If I leave off the parent var, then the application (Document Based SwiftUI) saves and loads fine - no problems (except of course the parent functionality is lost).

public class Sidebar: Codable, ObservableObject, Identifiable {

    public let objectWillChange = ObservableObjectPublisher()

    enum CodingKeys: CodingKey {
        case id
        case parent
        case children
    }

    public func encode(to encoder: Encoder) throws {
        var container = encoder.container(keyedBy: CodingKeys.self)

        try container.encode(id, forKey: .id)
        try container.encode(parent, forKey: .parent)
        try container.encode(children, forKey: .children)
    }

    public required init(from decoder: Decoder) throws {
        let container = try decoder.container(keyedBy: CodingKeys.self)

        id = UUID()
        parent = try container.decode(Sidebar?.self, forKey: .parent)
        children = try container.decode([Sidebar]?.self, forKey: .children)
    }

    @Published  public var id: UUID?
    @Published  public var parent: Sidebar?
    @Published  public var children: [Sidebar]?

    public init() {
        id = UUID()
    }

With the parent var inserted and working (linked) the app crashes when saving during this call with a bad access error:

  public func encode(to encoder: Encoder) throws {

      var singleContainer = encoder.singleValueContainer()

      try singleContainer.encode(NSKeyedArchiver.archivedData(withRootObject: attrString, requiringSecureCoding: false))
  }

It appears circular referenses give JSON indigestion.

Suggestions?

2      

This look less like a doubly linked list and more like a directed graph which, if it ever happens to contain a cycle, will cause serialization/deserialization to go into an infinite loop.

For this scenario, I'd be less inclined to do a direct serialization of this structure and more likely to create an intermediate structure.
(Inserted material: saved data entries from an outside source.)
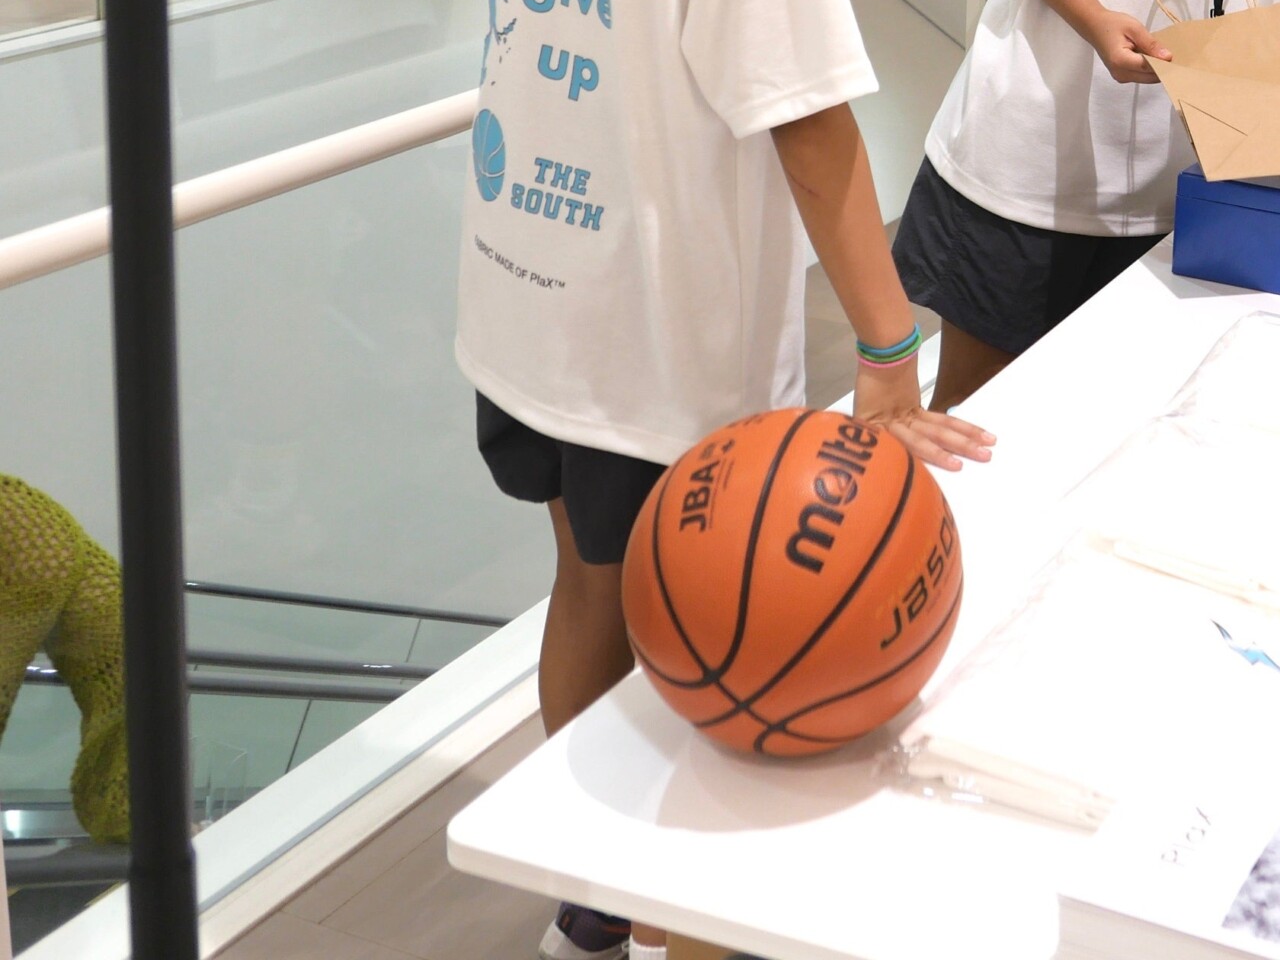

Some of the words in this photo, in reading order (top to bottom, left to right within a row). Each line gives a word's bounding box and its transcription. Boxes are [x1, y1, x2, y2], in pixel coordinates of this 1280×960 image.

[537, 43, 600, 102] up
[534, 156, 592, 196] THE
[510, 182, 605, 232] SOUTH
[494, 252, 515, 274] MADE
[515, 266, 528, 279] OF
[679, 460, 721, 532] JBA
[785, 418, 879, 575] molte
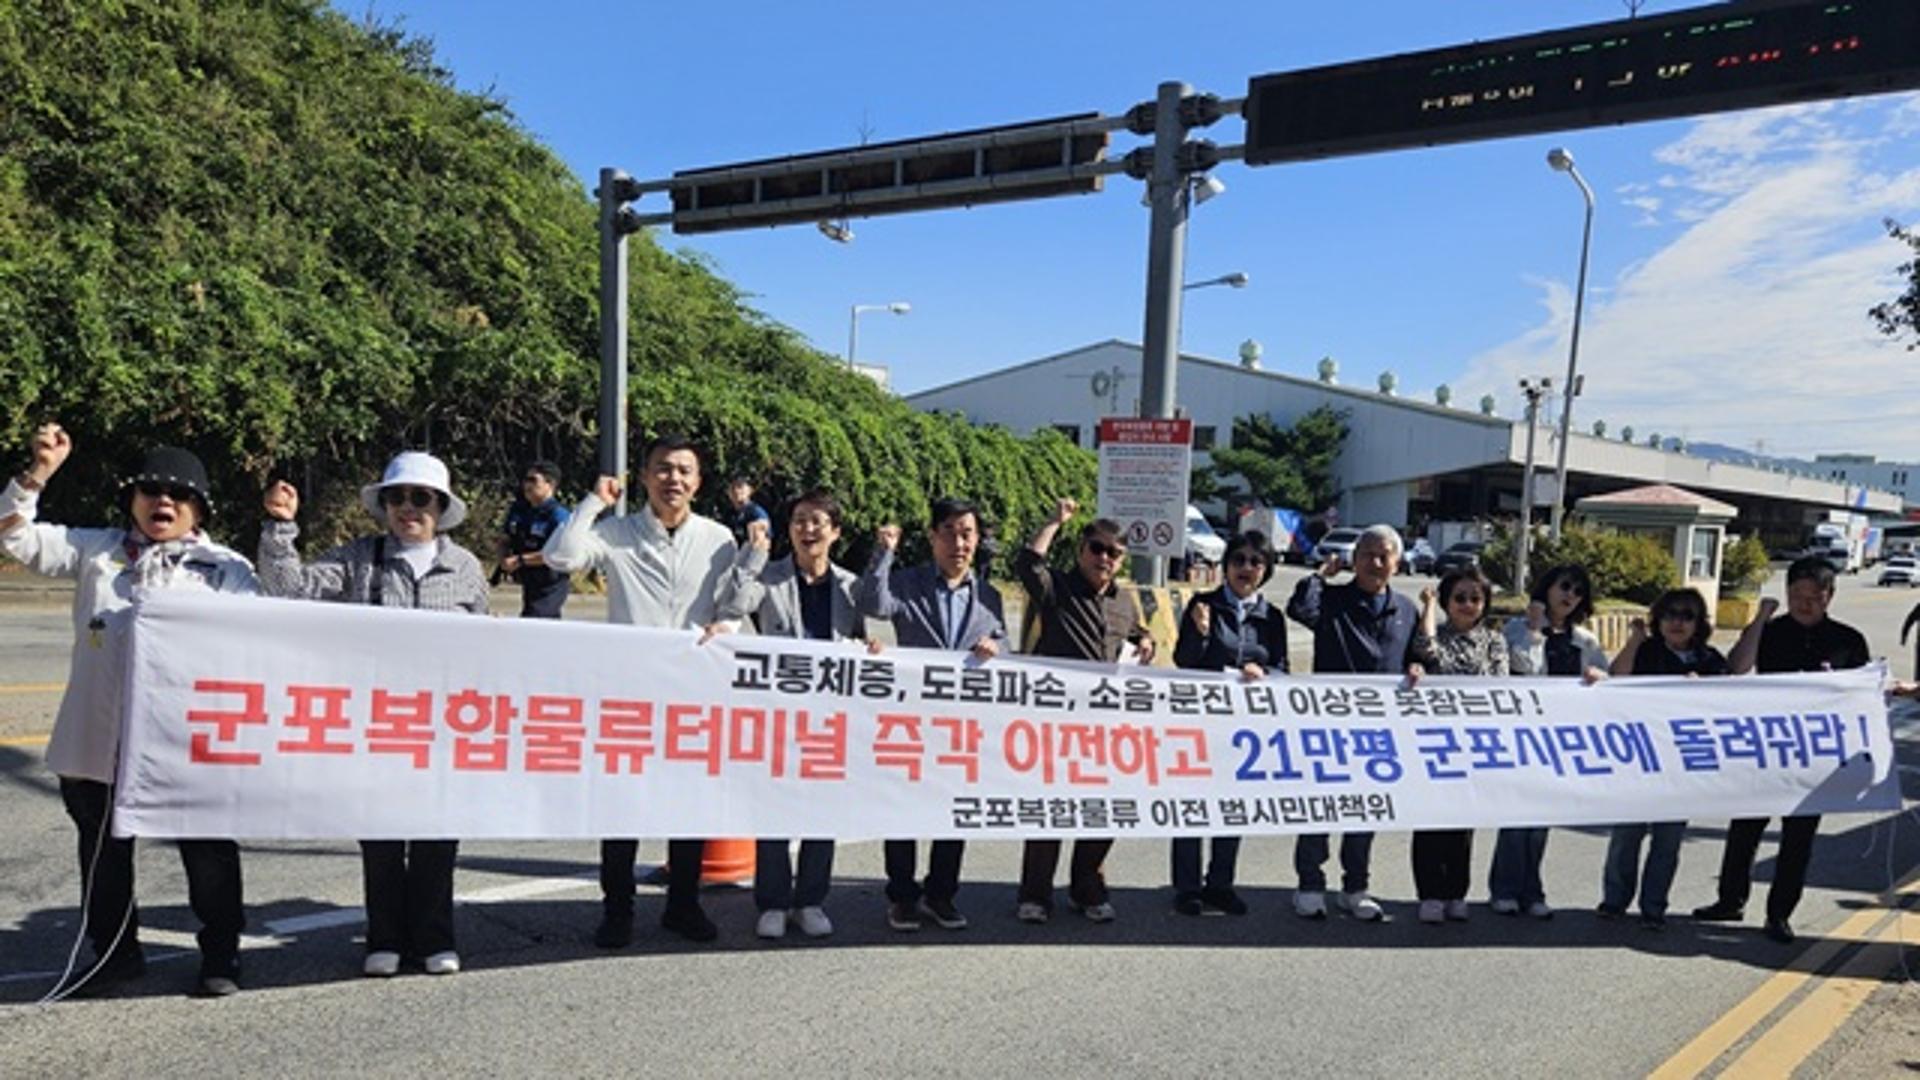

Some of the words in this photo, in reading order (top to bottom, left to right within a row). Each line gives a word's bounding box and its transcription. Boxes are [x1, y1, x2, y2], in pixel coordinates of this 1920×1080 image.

[732, 651, 906, 702] 교통체증,
[921, 666, 1076, 711] 도로파손,
[1245, 685, 1278, 715] 더
[1289, 687, 1385, 716] 이상은
[187, 679, 848, 778] 군포복합물류터미널
[873, 713, 984, 783] 즉각
[1003, 719, 1212, 786] 이전하고
[1232, 727, 1404, 784] 21만평
[1416, 721, 1661, 779] 군포시민에
[1669, 712, 1848, 771] 돌려줘라
[953, 797, 1140, 829] 군포복합물류
[1151, 799, 1211, 828] 이전
[1219, 793, 1396, 827] 범시민대책위
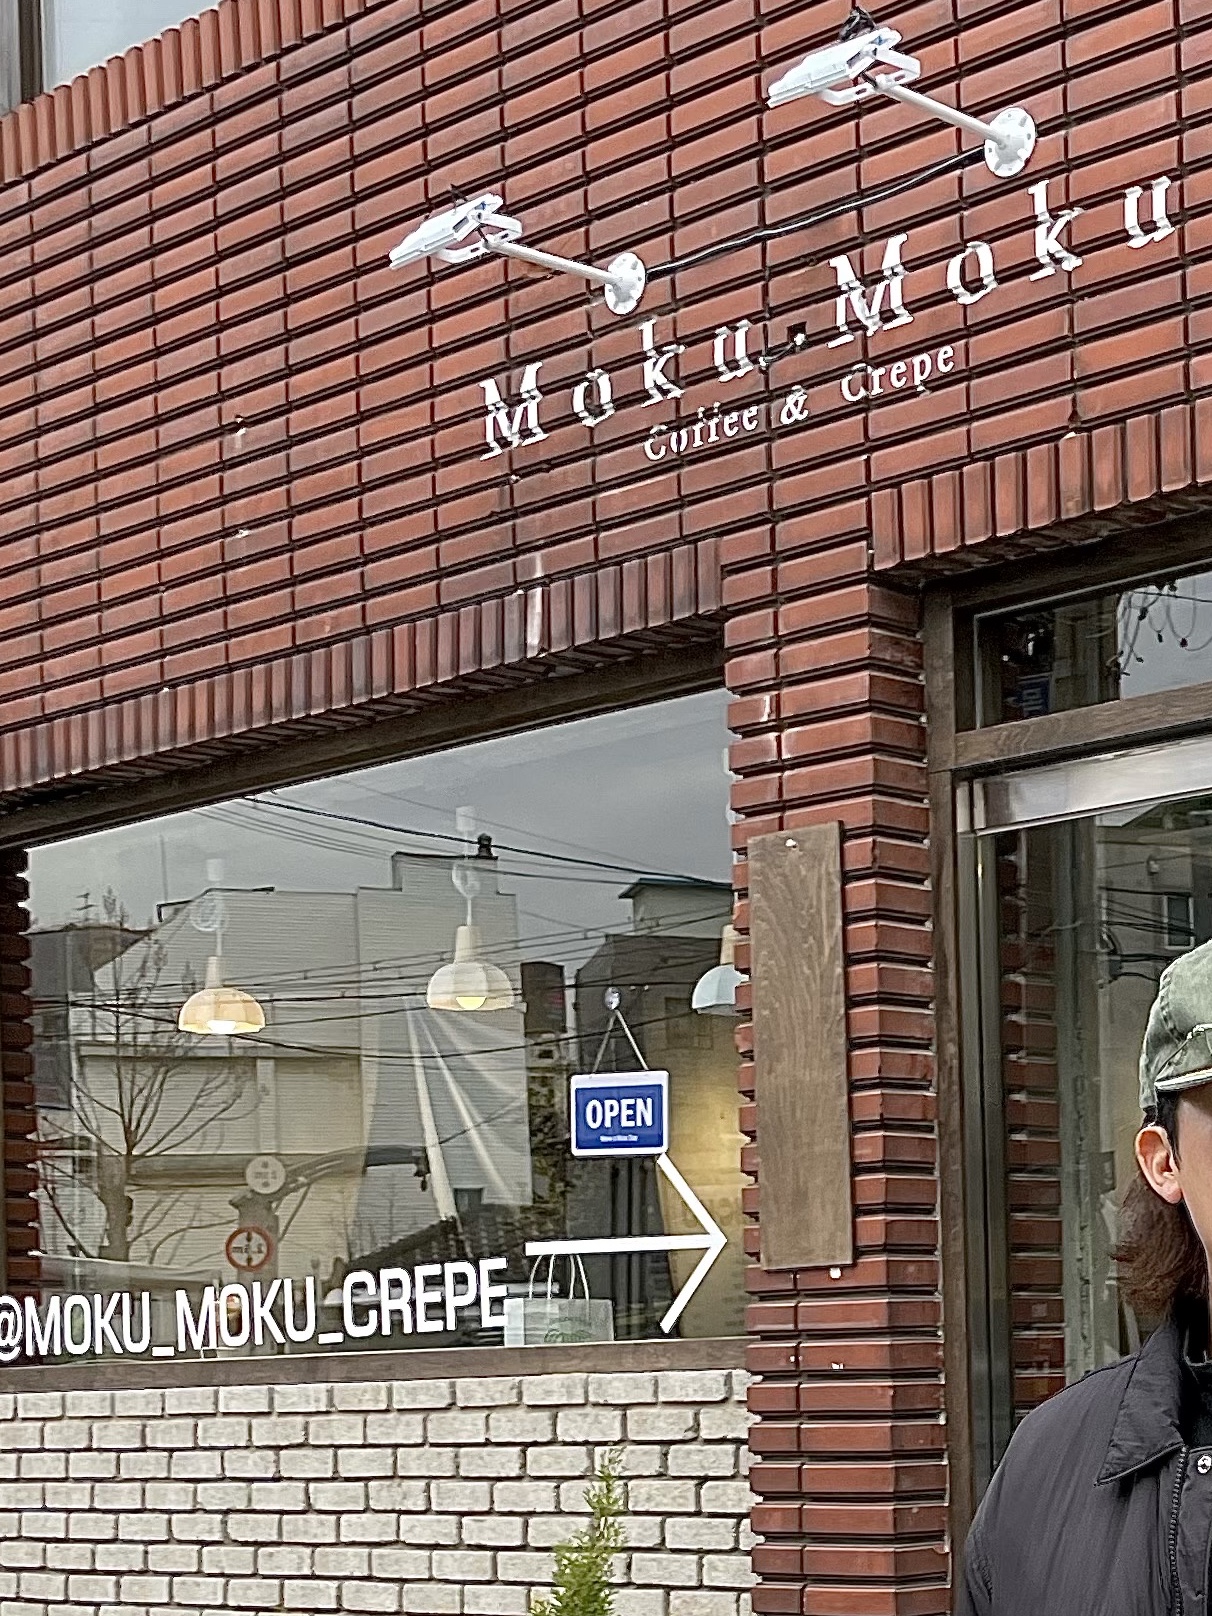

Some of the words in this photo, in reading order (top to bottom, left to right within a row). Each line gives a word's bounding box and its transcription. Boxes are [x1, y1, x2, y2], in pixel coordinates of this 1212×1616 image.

Start with a class - call it, say, FlattenedSidebar - that represents Sidebar as containing only id objects, so parent is an id and children is an array of id. That is the thing that gets written to JSON. Coming back the other way, you'd want a single Dictionary of id to Sidebar. Each FlattenedSidebar you read you wind up having to transform back into a Sidebar, which you either look up in the dictionary or create a new one of. Finally, you make a sweep through all the Sidebars and make sure they're wired up.

That's not really efficient, but it's a shortcoming of JSON.